Item 6.    Exhibits and Reports on Form 8-K

        (a)    Exhibits

Exhibit
Number

  Description
4.1   Supplemental Indenture governing the Company's 9-1/4% Senior Subordinated Notes due 2008, dated as of July 1, 2002, by and among the Company, the Subsidiary Guarantors and Wilmington Trust Company.
4.2   Supplemental Indenture governing the Company's 14% Senior Subordinated Second Lien Notes due 2006, dated as of July 1, 2002, by and among the Company, the Subsidiary Guarantors and Wilmington Trust Company.
    (b)
    Reports on Form 8-K

        During third-quarter 2002, the Company filed the following current reports on Form 8-K:

Date of Report

  Description
July 8, 2002   Information regarding the reincorporation in Delaware of three operating subsidiaries and the consolidation of an additional ten operating subsidiaries.

August 14, 2002

 

Statements under oath of principal executive officer and principal financial officer regarding facts and circumstances relating to Exchange Act Filings.

26



SIGNATURES

        Pursuant to the requirements of the Securities Exchange Act of 1934, the registrant has duly caused this report to be signed on its behalf by the undersigned thereunto duly authorized.

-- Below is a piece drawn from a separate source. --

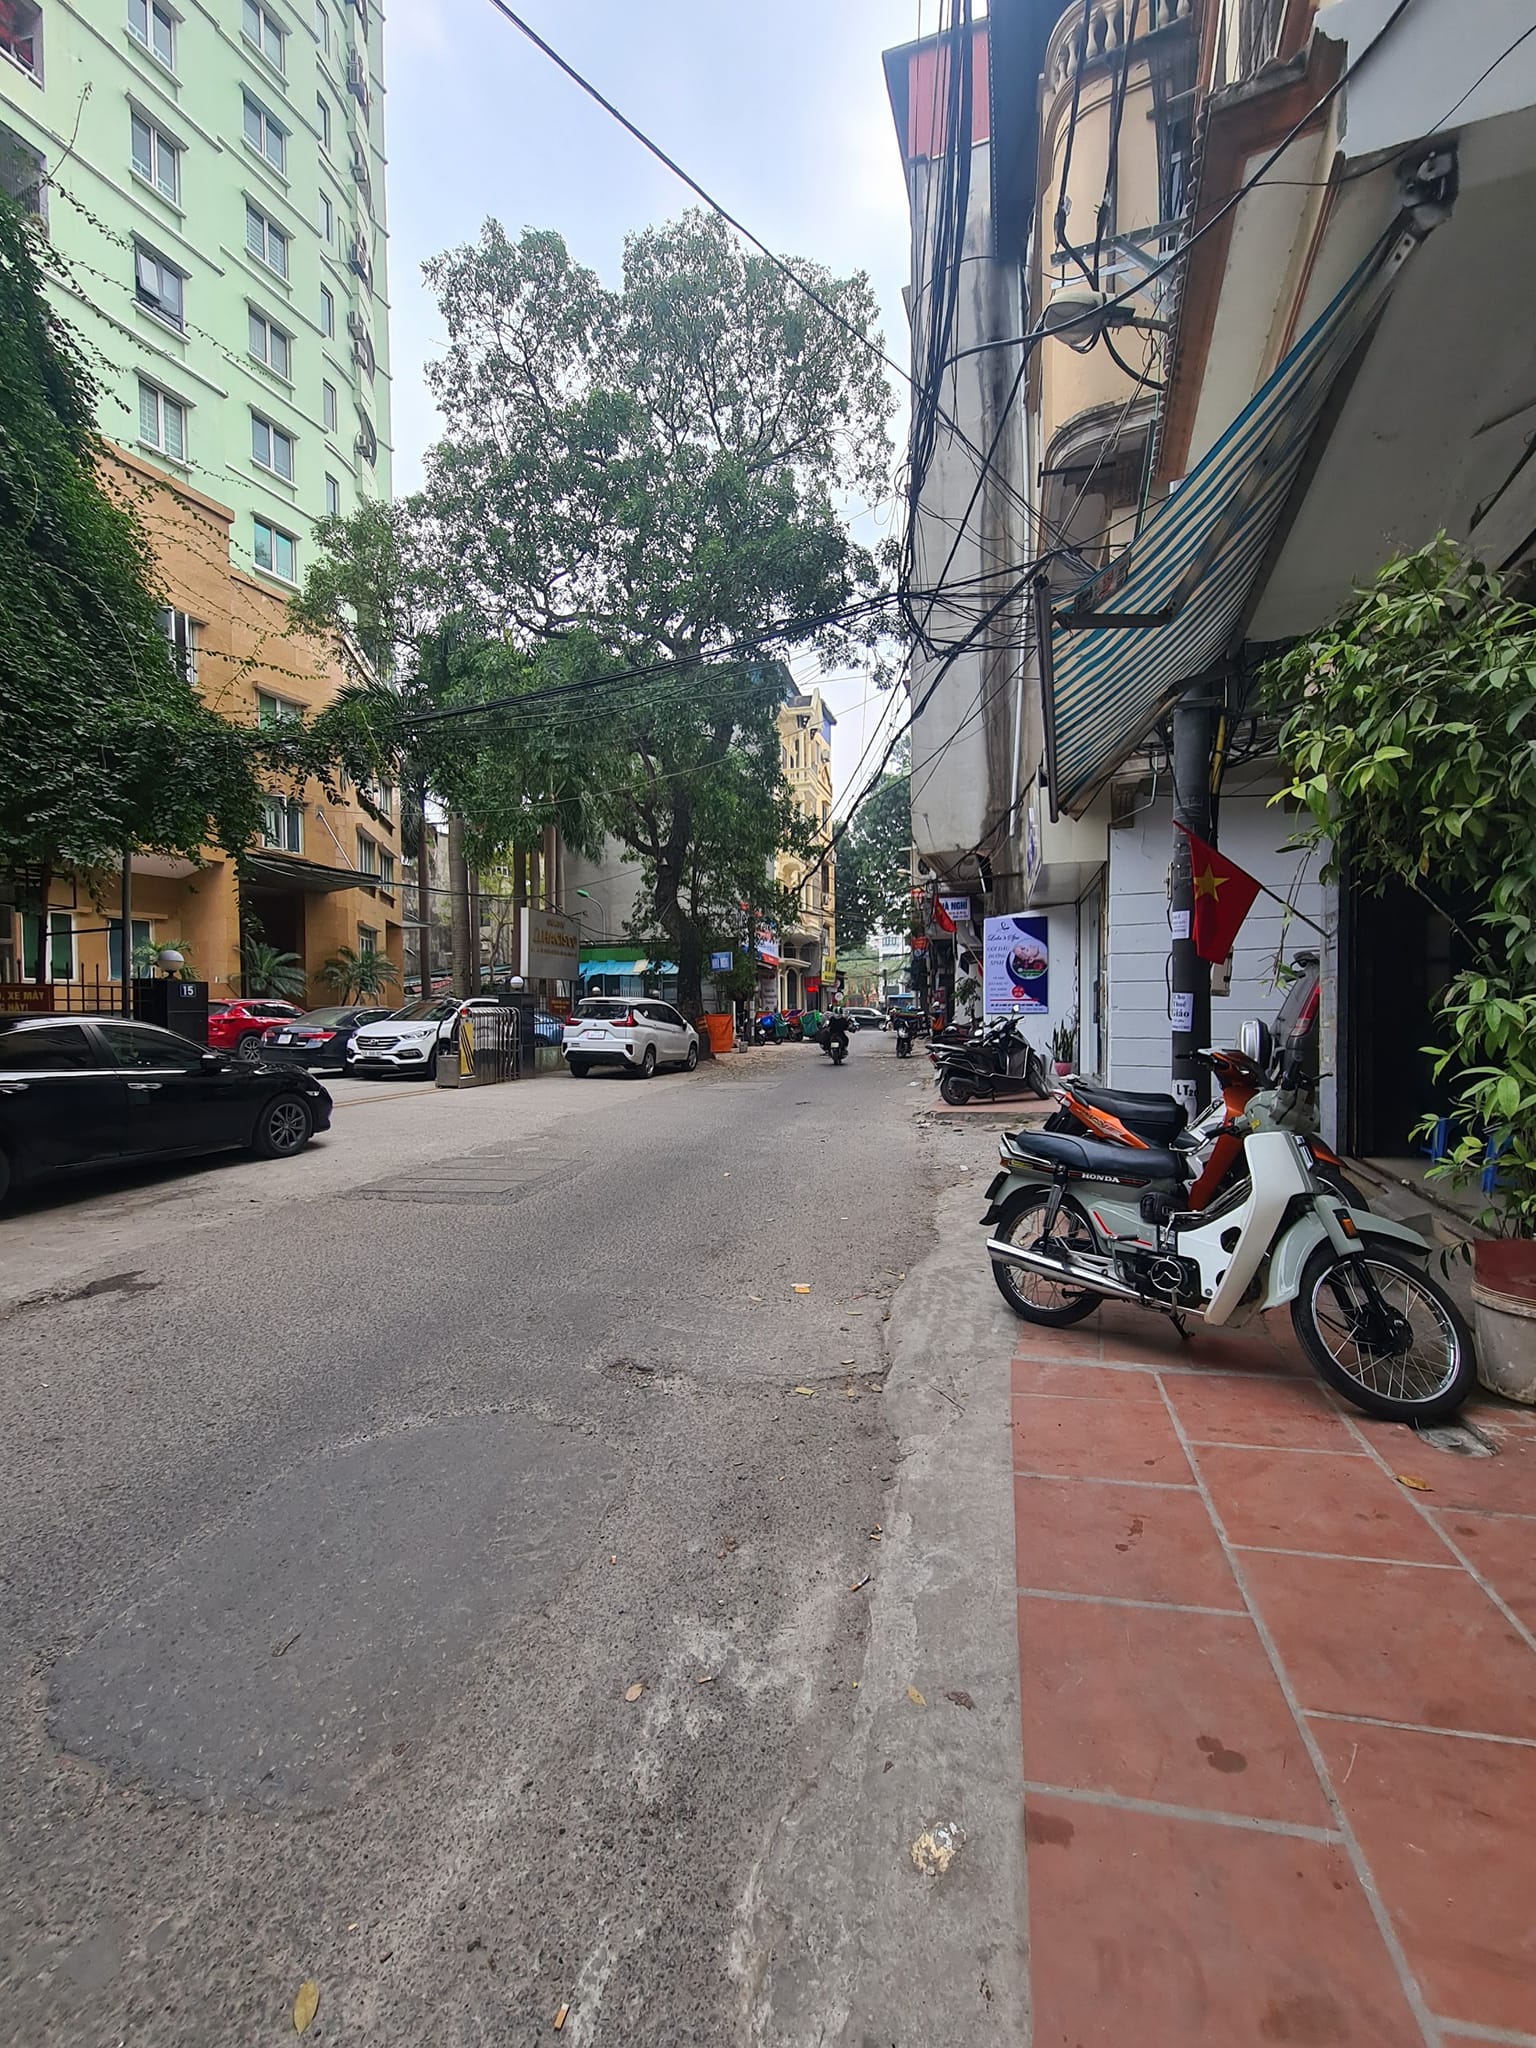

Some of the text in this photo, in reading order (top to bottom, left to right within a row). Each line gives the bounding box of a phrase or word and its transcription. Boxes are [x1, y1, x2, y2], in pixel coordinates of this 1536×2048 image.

[7, 991, 21, 1000] XE
[183, 985, 194, 996] 15
[1081, 1172, 1120, 1183] HONDA

    APCOA/Standard Parking, Inc.

 

 

 

 

 

Dated: November 14, 2002

 

By:

 

/s/  
DANIEL R. MEYER      
Daniel R. Meyer
Senior Vice President, Corporate Controller/
Assistant Treasurer
(Principal Accounting Officer)

 

 

By:

 

/s/  
G. MARC BAUMANN      
G. Marc Baumann
Executive Vice President, Chief Financial Officer/
Treasurer
(Principal Financial Officer)

27



CERTIFICATIONS

I, James A. Wilhelm, certify that:

1.
I have reviewed this quarterly report on Form 10-Q of APCOA/Standard Parking, Inc.;

2.
Based on my knowledge, this quarterly report does not contain any untrue statement of a material fact or omit to state a material fact necessary to make the statements made, in light of the circumstances under which such statements were made, not misleading with respect to the period covered by this quarterly report;

3.
Based on my knowledge, the financial statements, and other financial information included in this quarterly report, fairly present in all material respects the financial condition, results of operations and cash flows of the registrant as of, and for, the periods presented in this quarterly report;

4.
The registrant's other certifying officers and I are responsible for establishing and maintaining disclosure controls and procedures (as defined in Exchange Act Rules 13a-14 and 15d-14) for the registrant and we have:

a)
designed such disclosure controls and procedures to ensure that material information relating to the registrant, including its consolidated subsidiaries, is made known to us by others within those entities, particularly during the period in which this quarterly report is being prepared;

b)
evaluated the effectiveness of the registrant's disclosure controls and procedures as of a date within 90 days prior to the filing date of this quarterly report (the "Evaluation Date"); and

c)
presented in this quarterly report our conclusions about the effectiveness of the disclosure controls and procedures based on our evaluation as of the Evaluation Date;
5.
The registrant's other certifying officers and I have disclosed, based on our most recent evaluation, to the registrant's auditors and the audit committee of registrant's board of directors (or persons performing the equivalent functions):

a)
all significant deficiencies in the design or operation of internal controls which could adversely affect the registrant's ability to record, process, summarize and report financial data and have identified for the registrant's auditors any material weaknesses in internal controls; and

b)
any fraud, whether or not material, that involves management or other employees who have a significant role in the registrant's internal controls; and
6.
The registrant's other certifying officers and I have indicated in this quarterly report whether or not there were significant changes in internal controls or in other factors that could significantly affect internal controls subsequent to the date of our most recent evaluation, including any corrective actions with regard to significant deficiencies and material weaknesses.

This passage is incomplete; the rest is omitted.